**Annotated photo localization data:**
──────
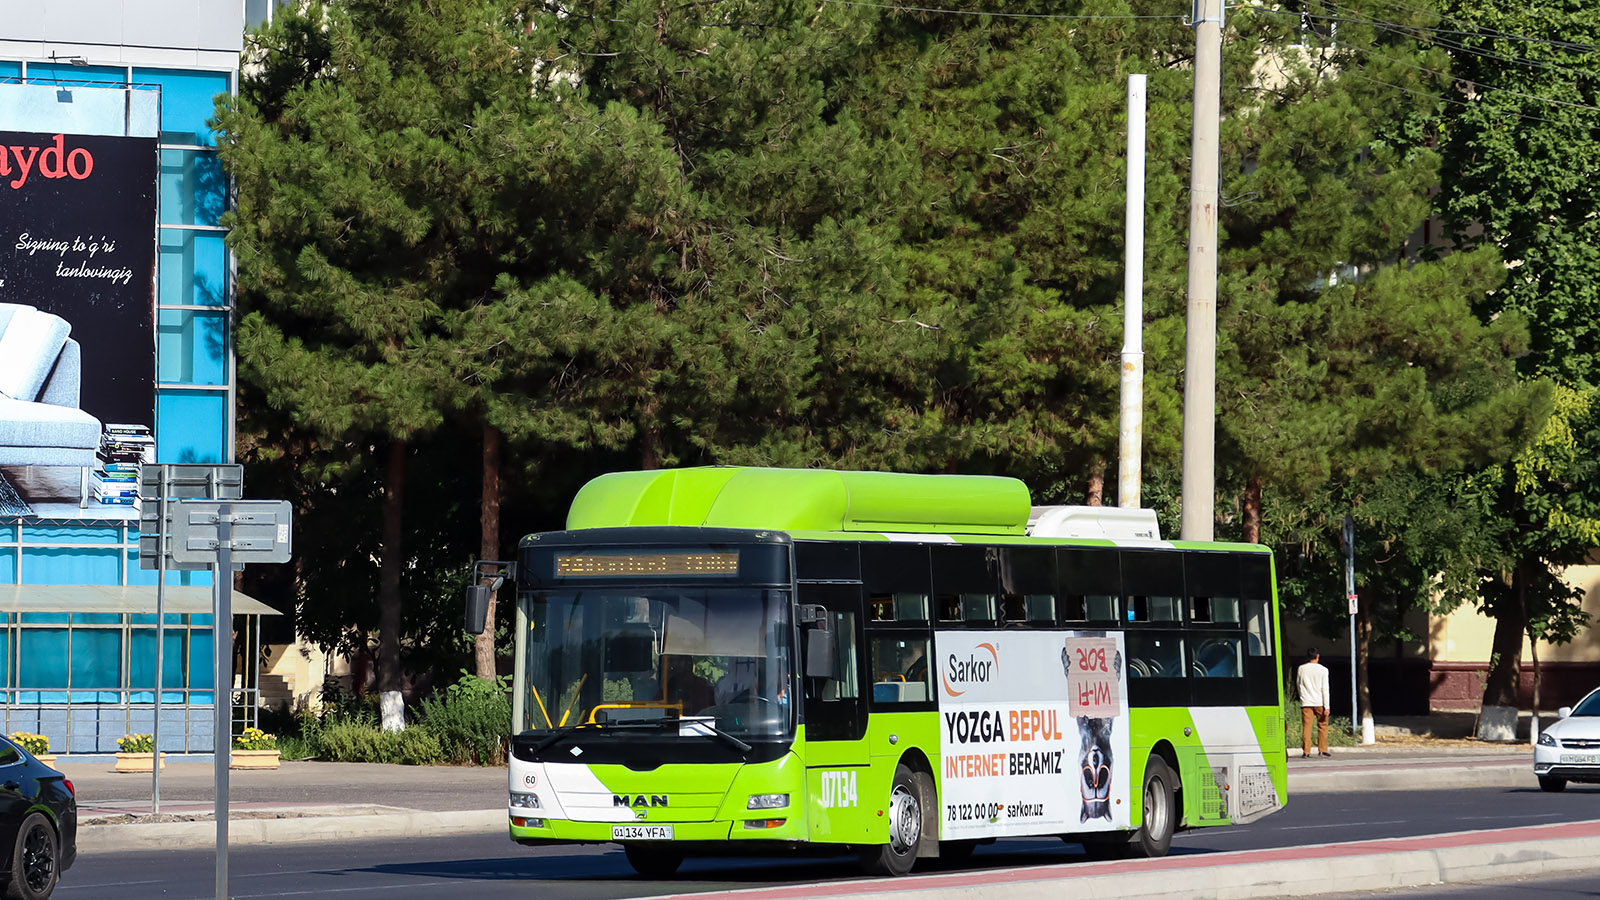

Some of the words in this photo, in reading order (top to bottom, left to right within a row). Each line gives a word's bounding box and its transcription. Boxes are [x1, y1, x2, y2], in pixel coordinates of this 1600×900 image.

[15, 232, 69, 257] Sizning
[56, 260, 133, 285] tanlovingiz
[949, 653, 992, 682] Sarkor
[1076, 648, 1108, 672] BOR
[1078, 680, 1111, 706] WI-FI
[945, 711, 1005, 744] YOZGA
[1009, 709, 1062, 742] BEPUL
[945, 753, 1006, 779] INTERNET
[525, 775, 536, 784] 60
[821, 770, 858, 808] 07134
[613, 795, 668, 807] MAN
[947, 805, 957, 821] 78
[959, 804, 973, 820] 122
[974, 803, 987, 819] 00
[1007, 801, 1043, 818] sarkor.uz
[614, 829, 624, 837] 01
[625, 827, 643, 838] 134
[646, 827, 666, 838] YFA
──────
**Task to complete:** Copy every line of the records exactly as it is written, but not the pictures.

**Task answer:**
Some of the words in this photo, in reading order (top to bottom, left to right within a row). Each line gives a word's bounding box and its transcription. Boxes are [x1, y1, x2, y2], in pixel coordinates of this 1600×900 image.

[15, 232, 69, 257] Sizning
[56, 260, 133, 285] tanlovingiz
[949, 653, 992, 682] Sarkor
[1076, 648, 1108, 672] BOR
[1078, 680, 1111, 706] WI-FI
[945, 711, 1005, 744] YOZGA
[1009, 709, 1062, 742] BEPUL
[945, 753, 1006, 779] INTERNET
[525, 775, 536, 784] 60
[821, 770, 858, 808] 07134
[613, 795, 668, 807] MAN
[947, 805, 957, 821] 78
[959, 804, 973, 820] 122
[974, 803, 987, 819] 00
[1007, 801, 1043, 818] sarkor.uz
[614, 829, 624, 837] 01
[625, 827, 643, 838] 134
[646, 827, 666, 838] YFA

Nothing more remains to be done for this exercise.